Exit Sense Amor 107.5

[Astral Plane; 2016]

Styles: sonic collage, minor literature, baroque
Others: Total Freedom, Elysia Crampton, Chino Amobi, Kamixlo, N.A.A.F.I

Visit exitsense.net and enter a world. A world of collage. Of cutesy video game characters and teen idols. Of invasive surgery (TW: graphic imagery), angels, and cocks. An agglomeration. An assemblage. A becoming. Professional skills: Sound collage, Vroom, Vrrp, Vvvvv.


Exit Sense’s Amor 107.5 is the first release in Astral Plane’s mixfile series. Positioned between album and mixtape, it cherrypicks pop moments from the last decade and a half (Rihanna’s “Diamonds,” Future’s “Turn on the Lights,” 50 Cent’s “In Da Club”) and smashes them against a series of all-in-the-red club production styles, in a manner akin to N.A.A.F.I’s Pirata compilations. The result is a squalling set of tracks, constantly teetering on the edge of collapse into pure noise, as if the ferocity of the production is rending the album’s fabric in real time.

This Total Freedom-esque collision of insides (chart music) and outsides (underground styles) is a move that has become somewhat overused in the past few years, rubbing some of the shine off of a radical aesthetic. Amor 107.5’s first few tracks suffer from this overfamiliarity, repeating a series of sonic signifiers (metal-on-metal, whirrs, flailing kicks) one would expect to find in releases by Angel-Ho, M.E.S.H., or Kamixlo, and pairing them with a pop or hip-hop vocal. There are divergences from this sound, such as “Thrown in the Pit’s” explosive burst of screamo jungle, but this listener soon became restless, ready for something different.

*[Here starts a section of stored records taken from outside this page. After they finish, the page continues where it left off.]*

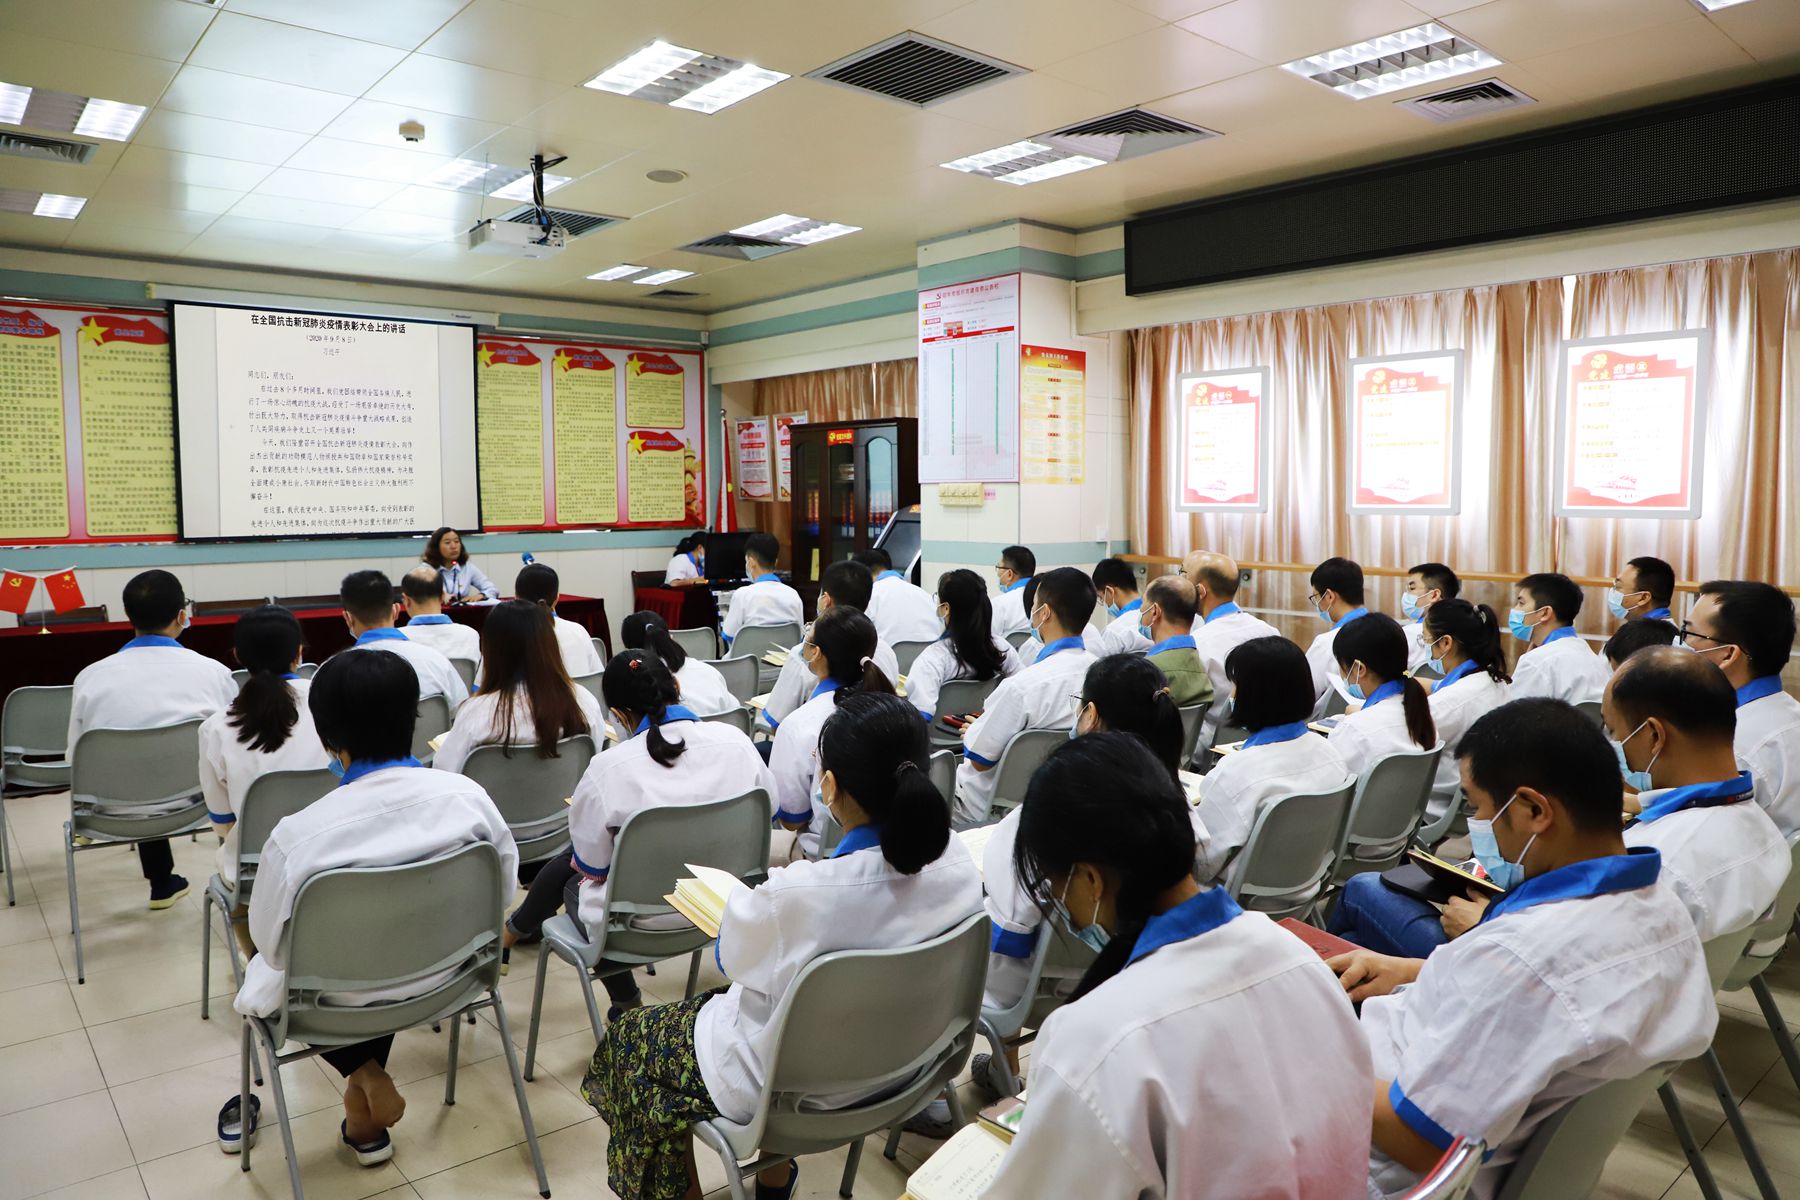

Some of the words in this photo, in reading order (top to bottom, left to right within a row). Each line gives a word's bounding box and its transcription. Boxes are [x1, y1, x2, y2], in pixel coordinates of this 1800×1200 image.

[250, 313, 406, 334] 在全国抗击新冠肺炎疫情表彰大会上的讲话
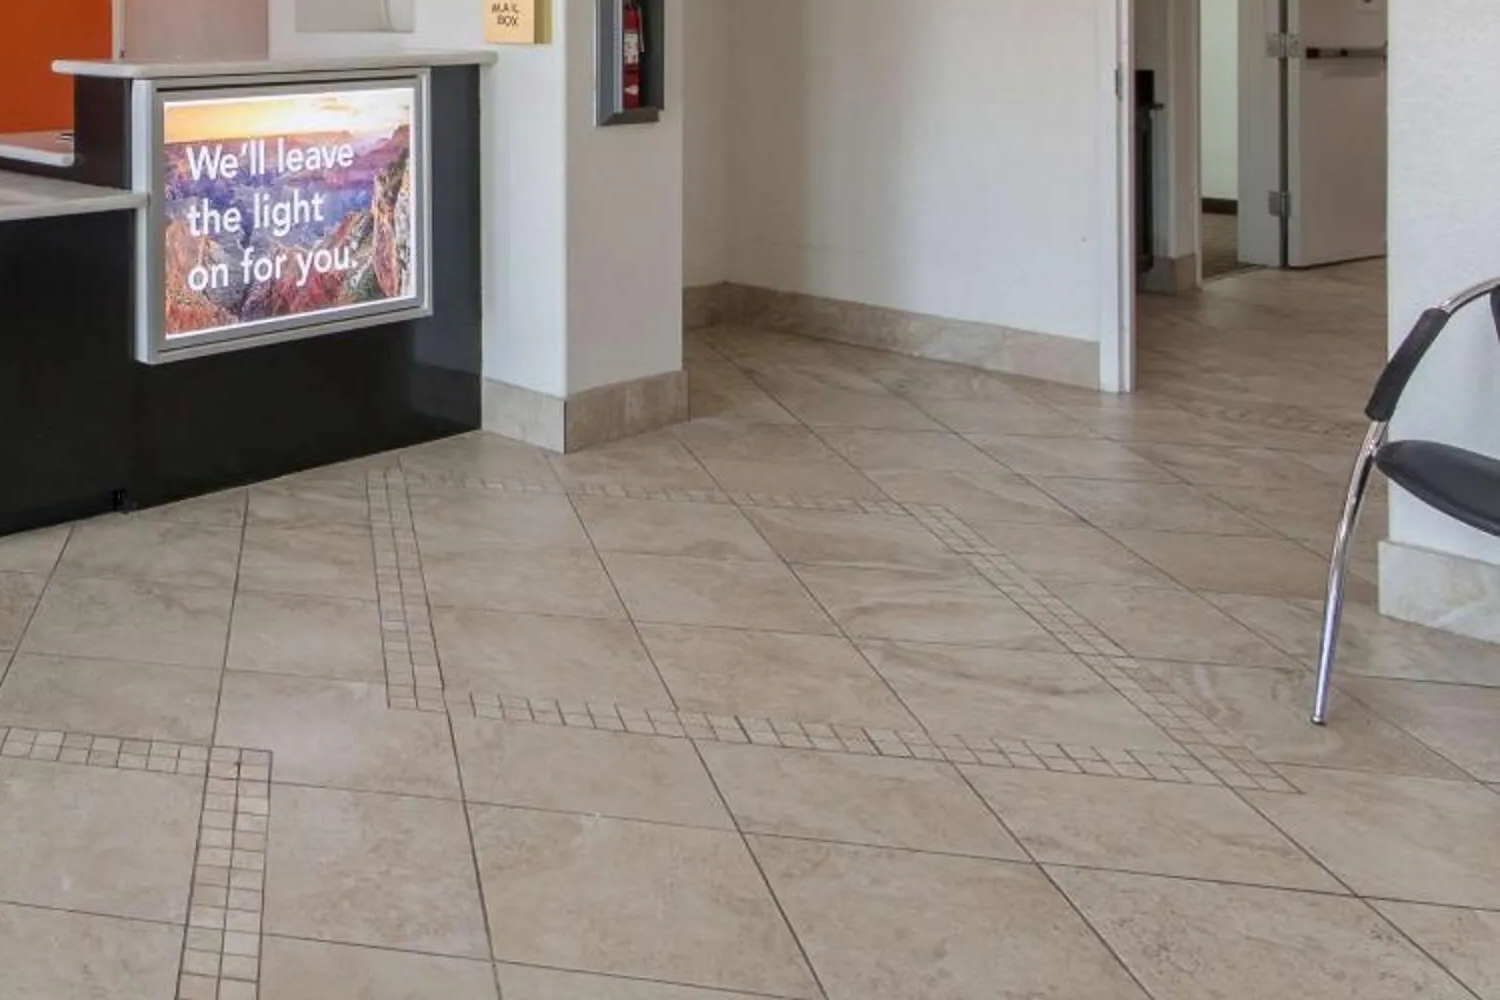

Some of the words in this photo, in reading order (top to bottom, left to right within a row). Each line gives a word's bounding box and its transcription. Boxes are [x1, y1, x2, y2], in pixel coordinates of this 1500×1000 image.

[186, 139, 265, 181] We'll
[277, 137, 354, 173] leave
[187, 197, 241, 237] the
[253, 189, 325, 237] light
[187, 261, 229, 291] on
[240, 246, 287, 285] for
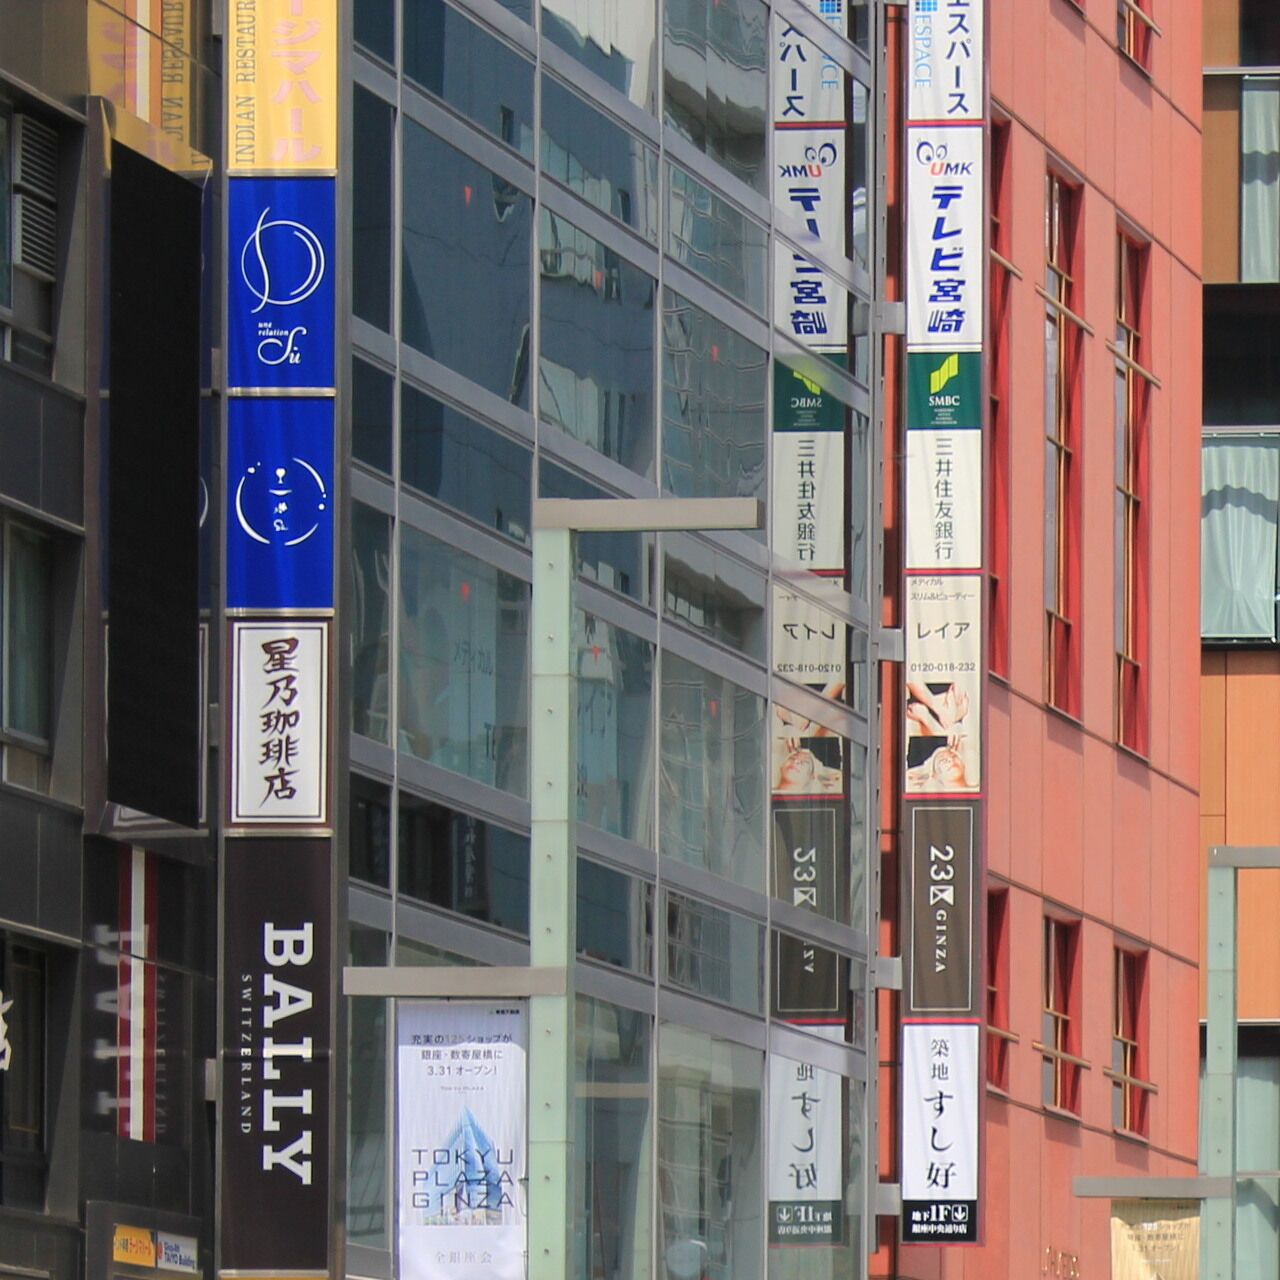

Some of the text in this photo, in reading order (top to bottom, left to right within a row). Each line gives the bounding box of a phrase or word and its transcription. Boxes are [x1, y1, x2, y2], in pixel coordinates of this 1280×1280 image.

It is to Exit Sense’s credit then that these functionally abrasive dance tracks slowly dissipate over the course of the album, revealing a more considered, atmospheric music. The clattering ambience and recycled sonic tropes of the first five tracks are redeployed, intertwined with baroque strings, flutes, and pianos, lending the album a languid, painterly feeling. As sounds, samples, and phrases reappear, the album takes on a porous, perforated quality, as if aspects of the tracks have been dissolved and transferred to another moment in which they may coagulate anew. So the free-jazz flute of first track “Daemons in the Sky” becomes the blue, tonal flute of “Yo duermo poderosamente.”

This process of dissolution and reassembly is characteristic of the political and aesthetic concerns of the reticular club music in which Exit Sense situates himself: (dis)connection, transcendence, the revelation and transformation of that which has been hidden. By conflating atonality, dissonance, and melody, Amor 107.5 generates moments of paranoia, beauty, melancholy, and pain, charting the emotional and affective topographies of minoritarian becoming.

These are carefully composed tracks, clattering beats braided through classical instrumentation, vocals astride; a twisted harmony of kicks, strings, and verses. Lines of flight are drawn to the ornamented club music of Elysia Crampton’s American Drift and Chino Amobi’s Anya’s Garden, strings swelling and screeching. We move through themes, a shivering, percussive atonality driving the tracks, creating sonic beds for vocals to emerge and shatter. And then we’re left behind, bearing witness to this brooding take on club music, Future ringing in our ears.